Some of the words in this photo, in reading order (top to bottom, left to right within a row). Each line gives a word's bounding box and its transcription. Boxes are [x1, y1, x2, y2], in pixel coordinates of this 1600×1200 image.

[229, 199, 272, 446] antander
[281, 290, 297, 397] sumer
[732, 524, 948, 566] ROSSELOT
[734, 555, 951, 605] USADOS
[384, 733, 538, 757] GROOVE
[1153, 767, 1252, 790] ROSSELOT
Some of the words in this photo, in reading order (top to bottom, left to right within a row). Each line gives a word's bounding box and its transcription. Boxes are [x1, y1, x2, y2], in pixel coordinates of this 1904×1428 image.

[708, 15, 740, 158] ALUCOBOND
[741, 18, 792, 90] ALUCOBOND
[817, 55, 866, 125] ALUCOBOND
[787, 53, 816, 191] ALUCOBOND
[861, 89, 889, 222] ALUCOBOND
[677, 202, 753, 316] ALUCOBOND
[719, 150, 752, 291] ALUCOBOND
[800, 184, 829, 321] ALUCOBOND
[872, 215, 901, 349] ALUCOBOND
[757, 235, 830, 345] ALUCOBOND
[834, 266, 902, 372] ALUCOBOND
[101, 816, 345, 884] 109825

## Your instructions:
Exact repetition of every record is required.

## Solution:
Some of the words in this photo, in reading order (top to bottom, left to right within a row). Each line gives a word's bounding box and its transcription. Boxes are [x1, y1, x2, y2], in pixel coordinates of this 1600×1200 image.

[229, 199, 272, 446] antander
[281, 290, 297, 397] sumer
[732, 524, 948, 566] ROSSELOT
[734, 555, 951, 605] USADOS
[384, 733, 538, 757] GROOVE
[1153, 767, 1252, 790] ROSSELOT
Some of the words in this photo, in reading order (top to bottom, left to right within a row). Each line gives a word's bounding box and its transcription. Boxes are [x1, y1, x2, y2], in pixel coordinates of this 1904×1428 image.

[708, 15, 740, 158] ALUCOBOND
[741, 18, 792, 90] ALUCOBOND
[817, 55, 866, 125] ALUCOBOND
[787, 53, 816, 191] ALUCOBOND
[861, 89, 889, 222] ALUCOBOND
[677, 202, 753, 316] ALUCOBOND
[719, 150, 752, 291] ALUCOBOND
[800, 184, 829, 321] ALUCOBOND
[872, 215, 901, 349] ALUCOBOND
[757, 235, 830, 345] ALUCOBOND
[834, 266, 902, 372] ALUCOBOND
[101, 816, 345, 884] 109825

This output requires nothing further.